**Activity:**
Each entry below should be printed exactly, with every image left out.

■ ■ ■ ■ ■

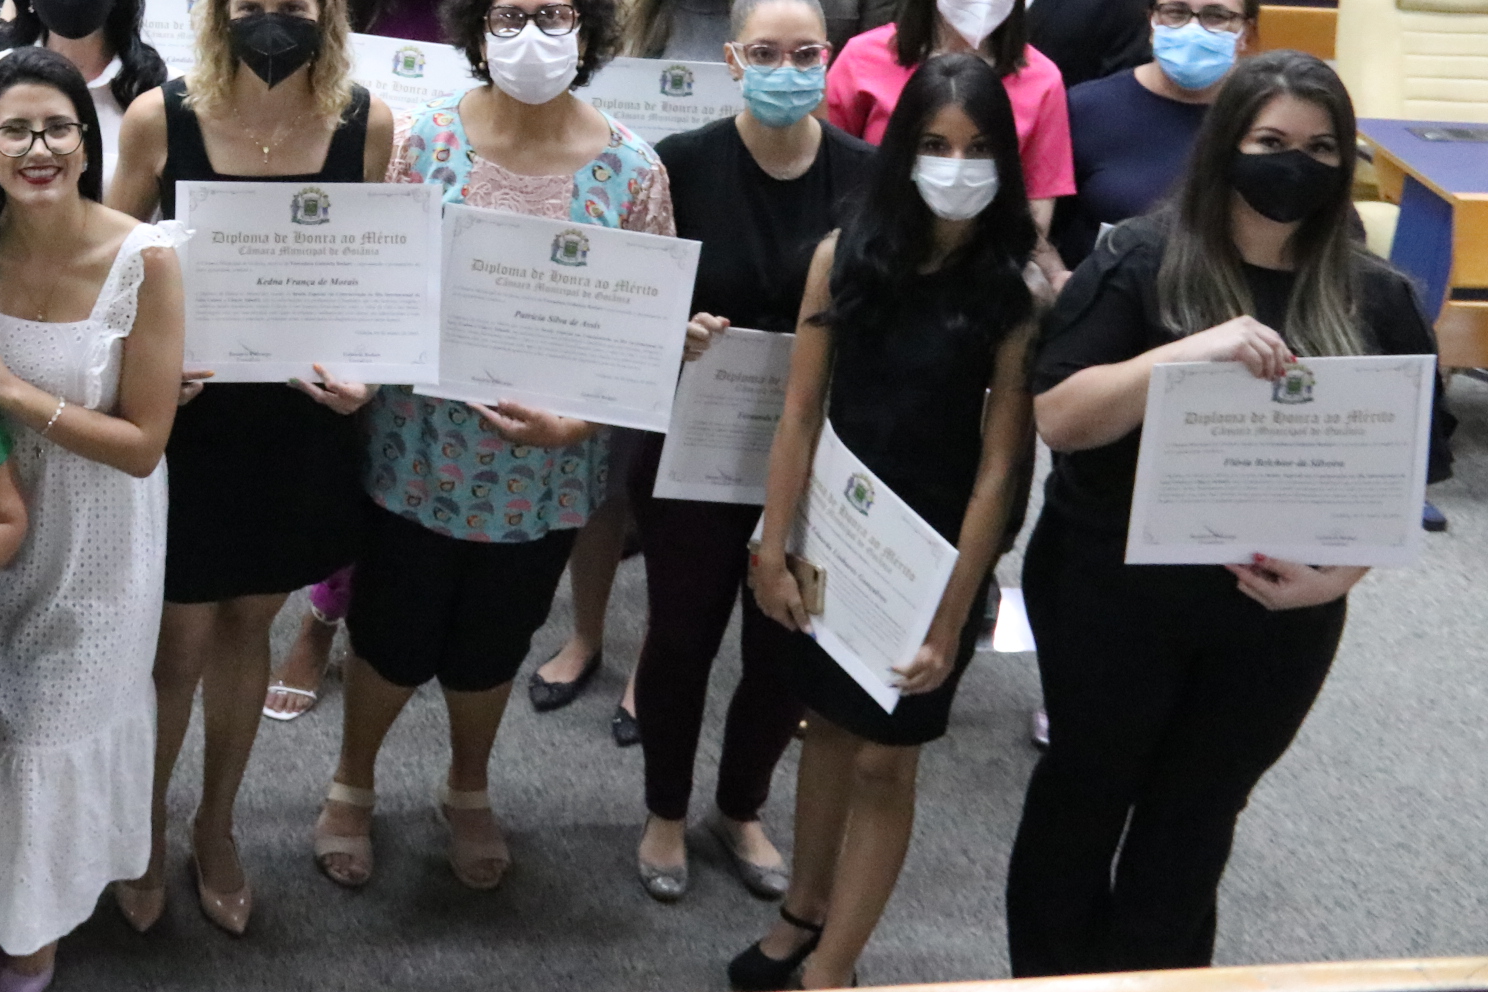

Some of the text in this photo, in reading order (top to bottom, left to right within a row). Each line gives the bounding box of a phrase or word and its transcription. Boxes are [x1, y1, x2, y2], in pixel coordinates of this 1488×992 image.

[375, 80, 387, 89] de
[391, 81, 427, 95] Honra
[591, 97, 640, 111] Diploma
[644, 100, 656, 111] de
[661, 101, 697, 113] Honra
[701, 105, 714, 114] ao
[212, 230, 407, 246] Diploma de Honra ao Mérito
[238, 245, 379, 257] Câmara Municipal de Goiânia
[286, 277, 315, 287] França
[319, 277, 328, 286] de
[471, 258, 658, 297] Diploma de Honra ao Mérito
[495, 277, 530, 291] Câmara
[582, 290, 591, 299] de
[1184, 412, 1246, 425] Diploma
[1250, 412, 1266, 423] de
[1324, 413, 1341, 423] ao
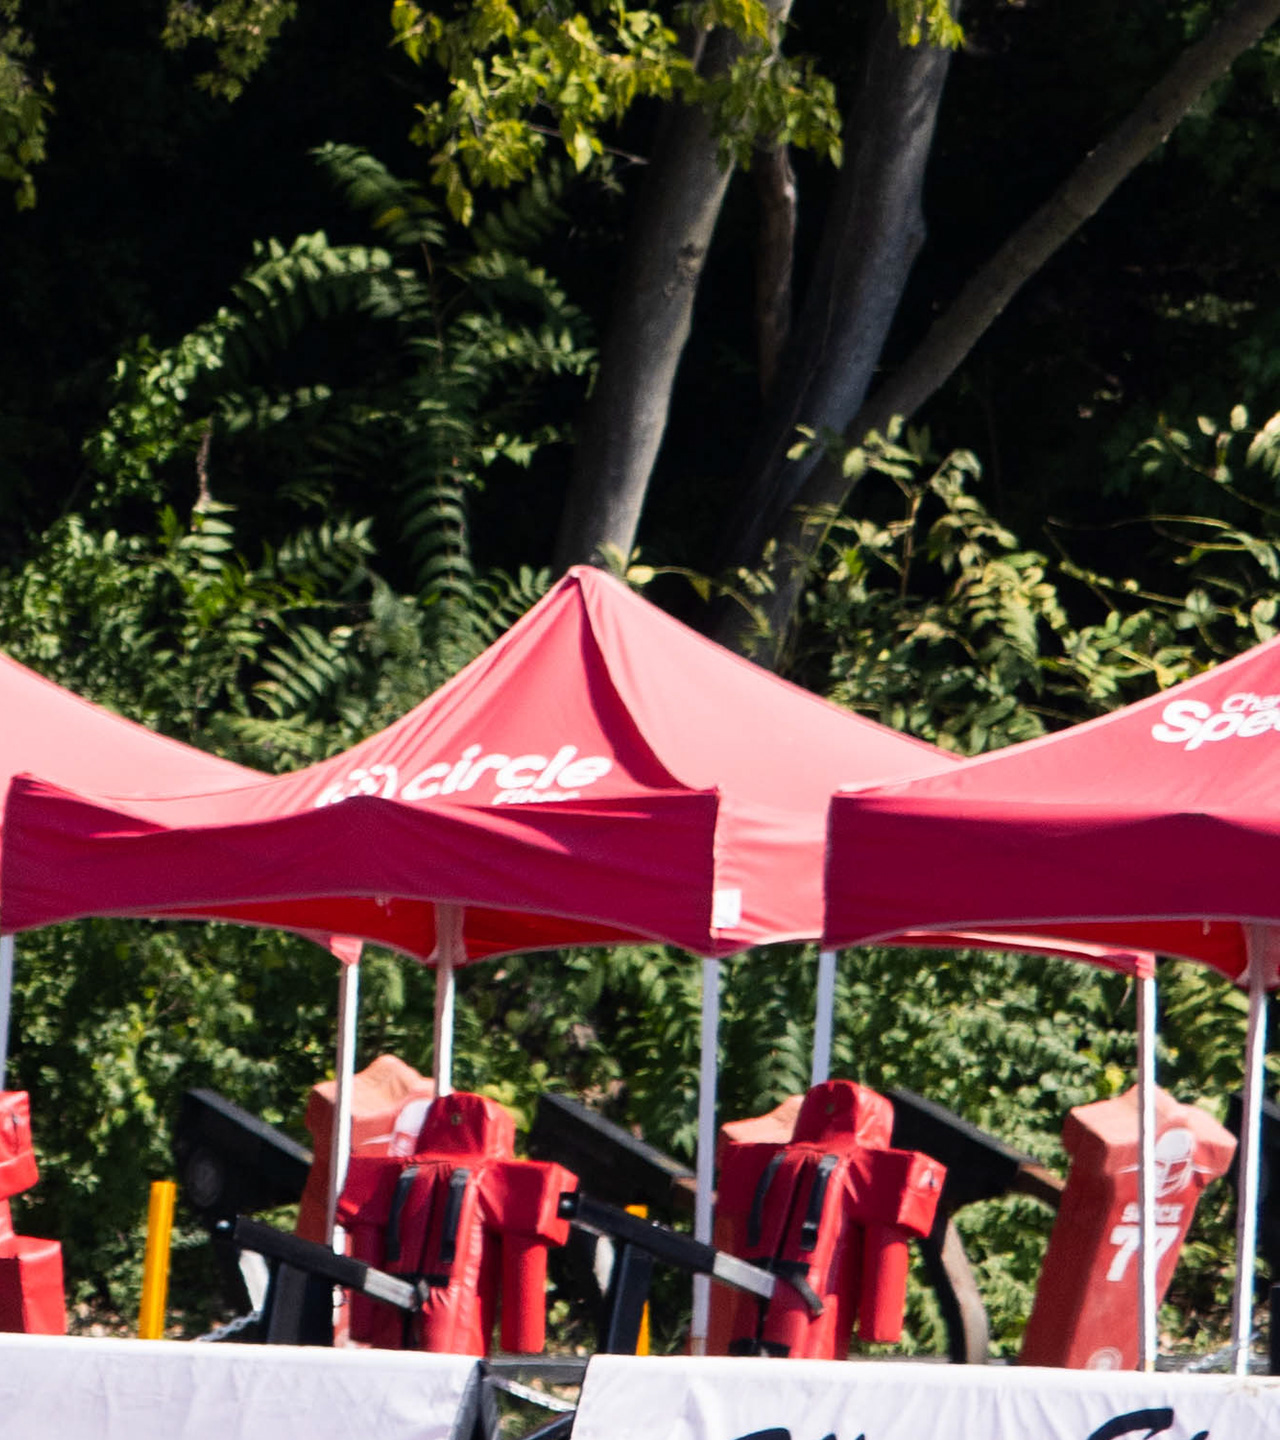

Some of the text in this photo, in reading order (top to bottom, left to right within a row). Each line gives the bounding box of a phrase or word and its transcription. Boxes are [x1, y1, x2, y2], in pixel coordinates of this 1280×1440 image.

■ ■ ■ ■ ■

**Answer space:**
Some of the text in this photo, in reading order (top to bottom, left to right within a row). Each line gives the bounding box of a phrase or word and its transcription. Boxes are [x1, y1, x2, y2], in pixel coordinates of this 1488×992 image.

[375, 80, 387, 89] de
[391, 81, 427, 95] Honra
[591, 97, 640, 111] Diploma
[644, 100, 656, 111] de
[661, 101, 697, 113] Honra
[701, 105, 714, 114] ao
[212, 230, 407, 246] Diploma de Honra ao Mérito
[238, 245, 379, 257] Câmara Municipal de Goiânia
[286, 277, 315, 287] França
[319, 277, 328, 286] de
[471, 258, 658, 297] Diploma de Honra ao Mérito
[495, 277, 530, 291] Câmara
[582, 290, 591, 299] de
[1184, 412, 1246, 425] Diploma
[1250, 412, 1266, 423] de
[1324, 413, 1341, 423] ao

Some of the text in this photo, in reading order (top to bottom, left to right within a row). Each line gives the bounding box of a phrase or word and its transcription. Boxes are [x1, y1, x2, y2], in pixel coordinates of this 1280×1440 image.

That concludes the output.